Hélène Lagnieu peintre francais a donc travaillé.

D’abord dans la photogravure, pour de grands couturiers. Elle a appris la précision. Mais, déjà myope, ce travail abîmait les yeux. Les hommes étaient mieux payés que les femmes. Injustice. Une visite médicale au bout de deux ans l’a décidée à partir.

Des petites boulots à Hélène Lagnieu peintre francais

Ce fut de petits boulots. Elle a fait l’accueil dans une galerie qui vendait aussi du matériel. Hélène a donc décidé de se mettre à l’aquarelle. Les débutant commencent souvent par cette technique alors qu’elle est particulièrement difficile à maîtriser.

Elle a eu l’occasion d’exposer dans la galerie où elle travaillait et à Bourg en Bresse. Elle peignait des paysages et des fleurs. Elle en a au moins acquis une technique.

Ensuite Hélène a travaillé 10 ans dans une chocolaterie. Les employés avaient le droit de manger des chocolats, ce dont elle ne s’est pas privée. Au point d’en être écoeurée le soir mais de recommencer le lendemain !

Elle a eu l’opportunité de faire la décoration murale de la chocolaterie. Des clients américains lui ont demandé de faire la décoration de leur maison de campagne. Leur fils l’a fait venir à New York deux semaines. Plus précisément à Darien, en bord de mer. Elle pu rester quelques jours seule à New York. Bonheur.

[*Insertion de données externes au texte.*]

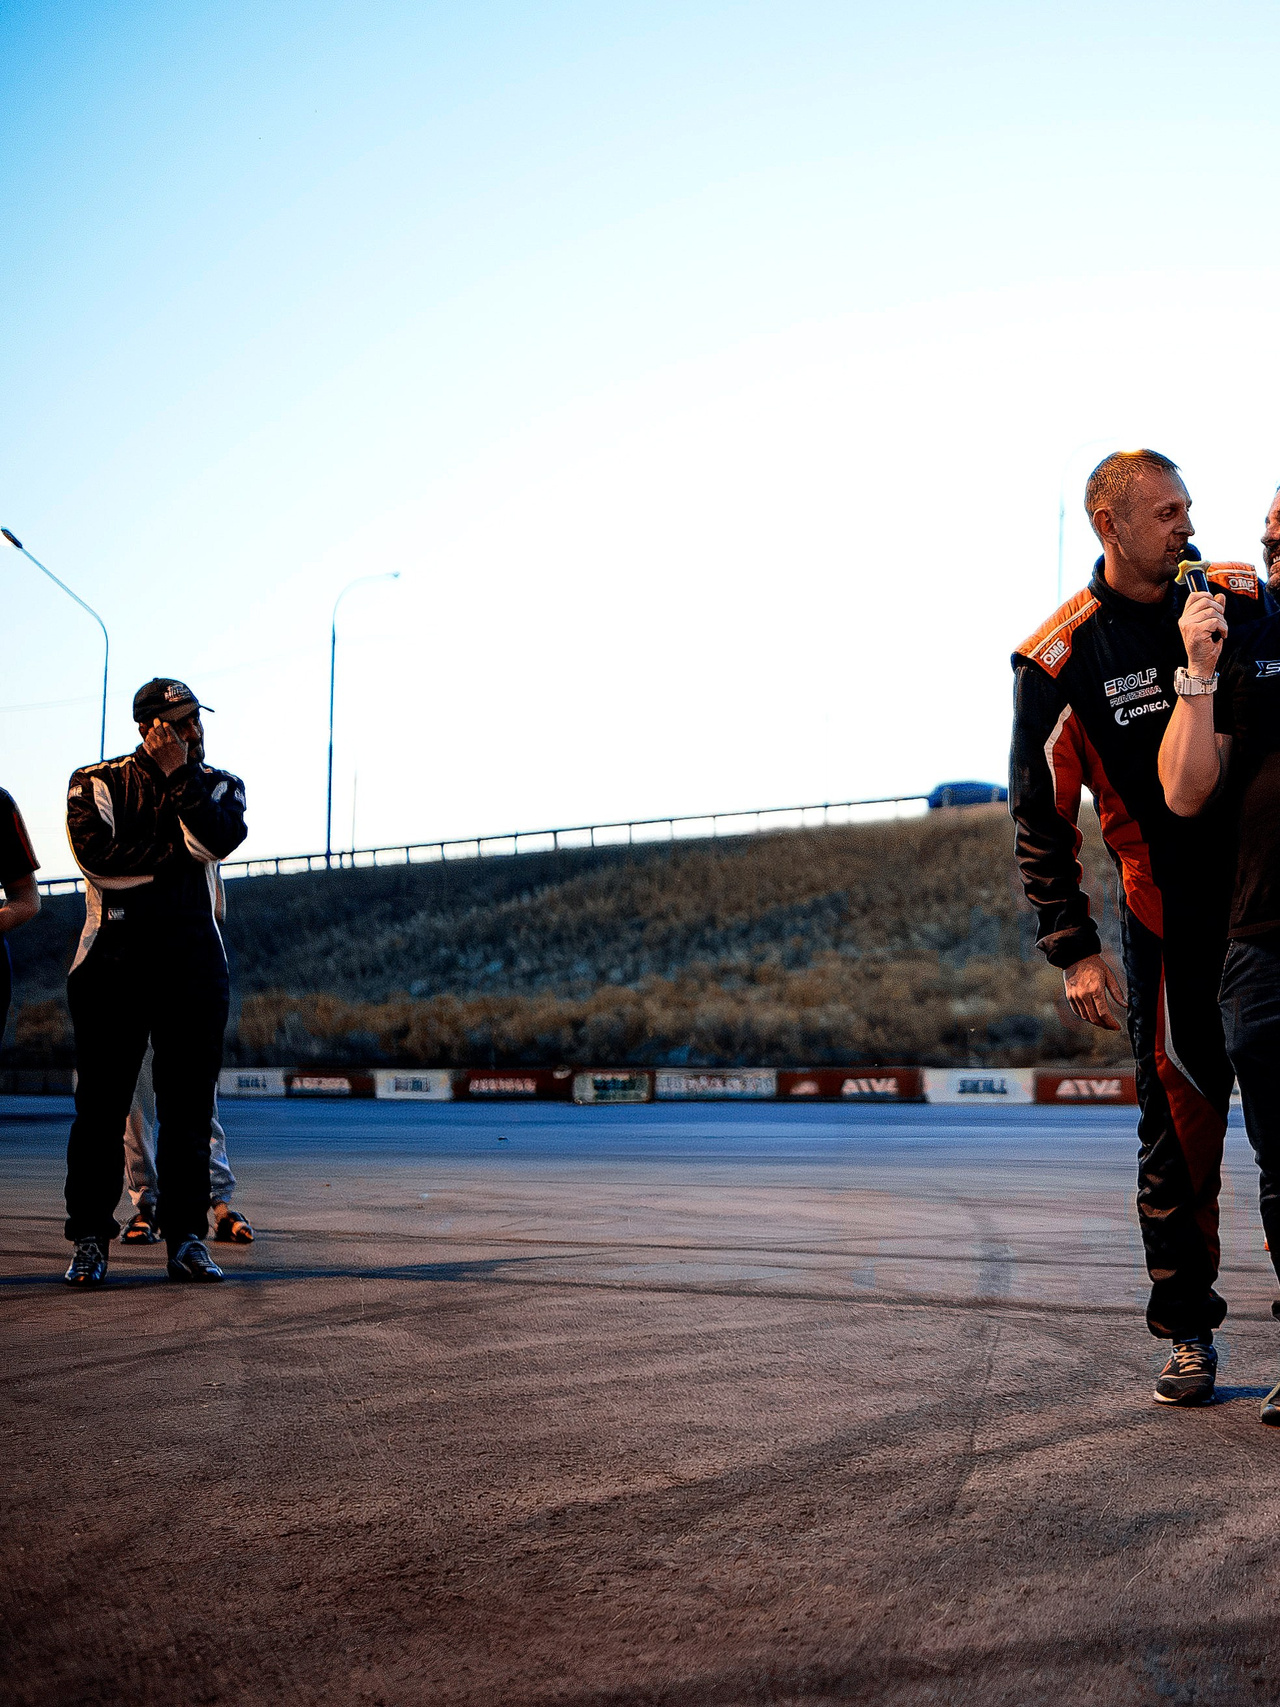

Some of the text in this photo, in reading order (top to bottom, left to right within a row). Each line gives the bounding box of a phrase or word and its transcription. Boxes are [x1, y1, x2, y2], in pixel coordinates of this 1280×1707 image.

[1229, 577, 1255, 589] OMP
[1043, 640, 1066, 666] OMP
[1113, 668, 1158, 695] ROLF
[1128, 700, 1171, 719] КОЛЕСА

Dans cette période Hélène Lagnieu peintre francais continuait l’aquarelle. Elle a aussi fait une exposition avec de petits dessin à l’encre de Chine en 2005. Le thème portait sur les pieds bandés et les eunuques. Elle en fit 400 (cf. les deux premières images ci-dessous). Elle avait été impressionnée par la cruauté de ces rites. Les parties génitales de l’eunuque étaient embaumées et il avait la possibilité de les racheter ensuite. Et pouvait se faire enterrer… entier.

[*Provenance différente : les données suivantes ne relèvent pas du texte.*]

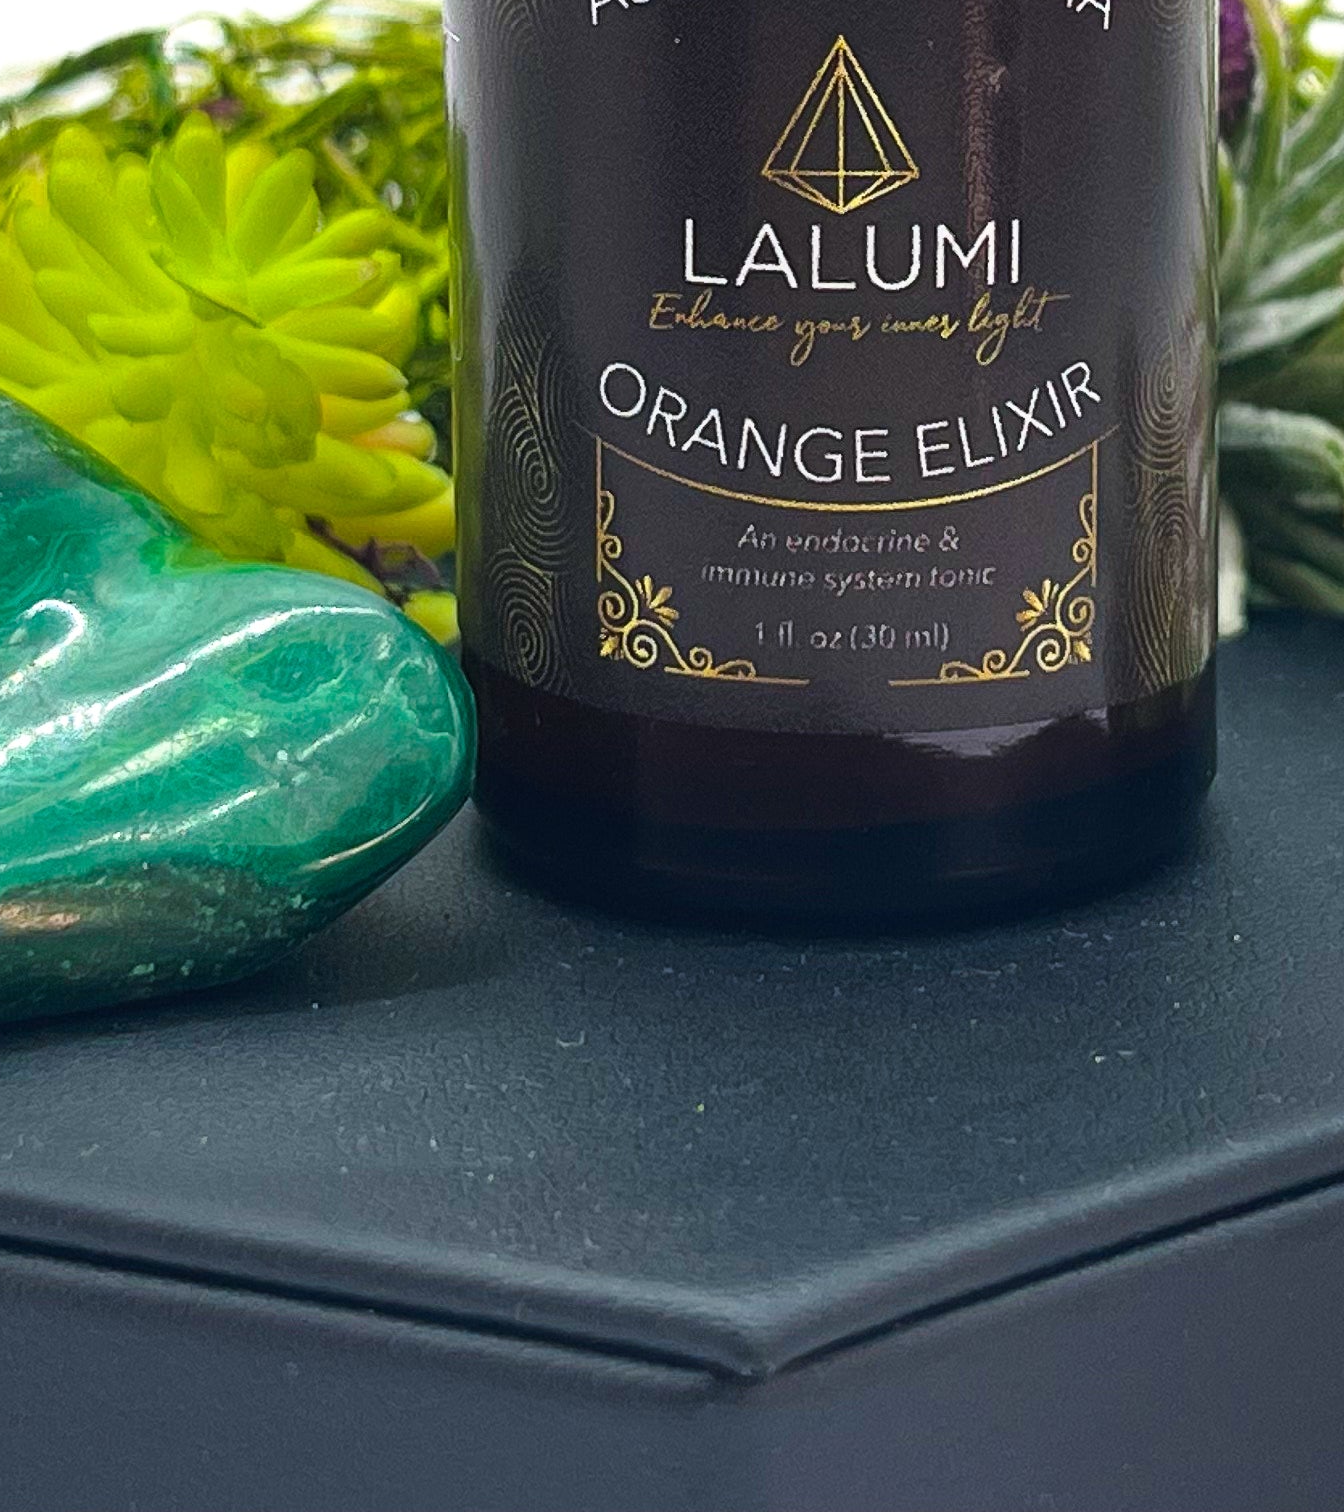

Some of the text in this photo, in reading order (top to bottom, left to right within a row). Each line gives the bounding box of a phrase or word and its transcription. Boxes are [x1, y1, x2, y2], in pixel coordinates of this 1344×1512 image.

[684, 218, 1021, 291] LALUMI
[648, 287, 1071, 367] Enhance your inner light
[599, 360, 1102, 482] ORANGE ELIXIR
[737, 524, 960, 553] An endocrine &
[702, 564, 997, 597] immune system tonic
[756, 621, 765, 645] 1
[810, 631, 842, 649] oz
[905, 622, 950, 652] ml)

Hélène a évolué vers l’acrylique. Elle dit que ses toiles étaient étranges, mi animal, mi humain, avec des couleurs vives.

Elle trouve plus aisé de se lâcher sur une toile de grande surface. Elle ne fait pas de brouillon. « Le plus dur c’est d’ouvrir le robinet, puis ça sort » me dit-elle. Elle ajoute qu’elle savait que tout ça était en elle.

Quand j’avais rencontré Eric Demelis, il avait parlé de rôle thérapeutique de son travail. Hélène parle de guérison.

Hélène a en même temps évolué d’un athéisme matérialiste à la spiritualité. Avec toute la prudence qu’à ce mot par rapport à la croyance. Pour elle il y a quelque chose de supérieur. Elle pratique d’ailleurs le tai chi et le Qi gong. Il est évident pour elle que nos pensées et nos paroles ont un impact sur soi et sur les autres.

Elle a fait l’« expérience du riz ». En faisant cuire du riz et en le répartissant en deux bols que l’on couvre d’une assiette. Sur le premier on écrit « amour » et l’autre « haine ». Tous les jours pendant un mois on concentre tout son amour pour l’un et toute sa haine pour l’autre. Au final, le premier était intact à quelques moisissures près, le second noir.

Je tenterai l’expérience.

Quand j’avais rencontré Hélène Lagnieu peintre francais, dans son atelier en 2012, j’avais été frappé par le côté morbide de ses thèmes, les morceaux de « viande ». Elle avait éludé ma question en disant que son père était boucher.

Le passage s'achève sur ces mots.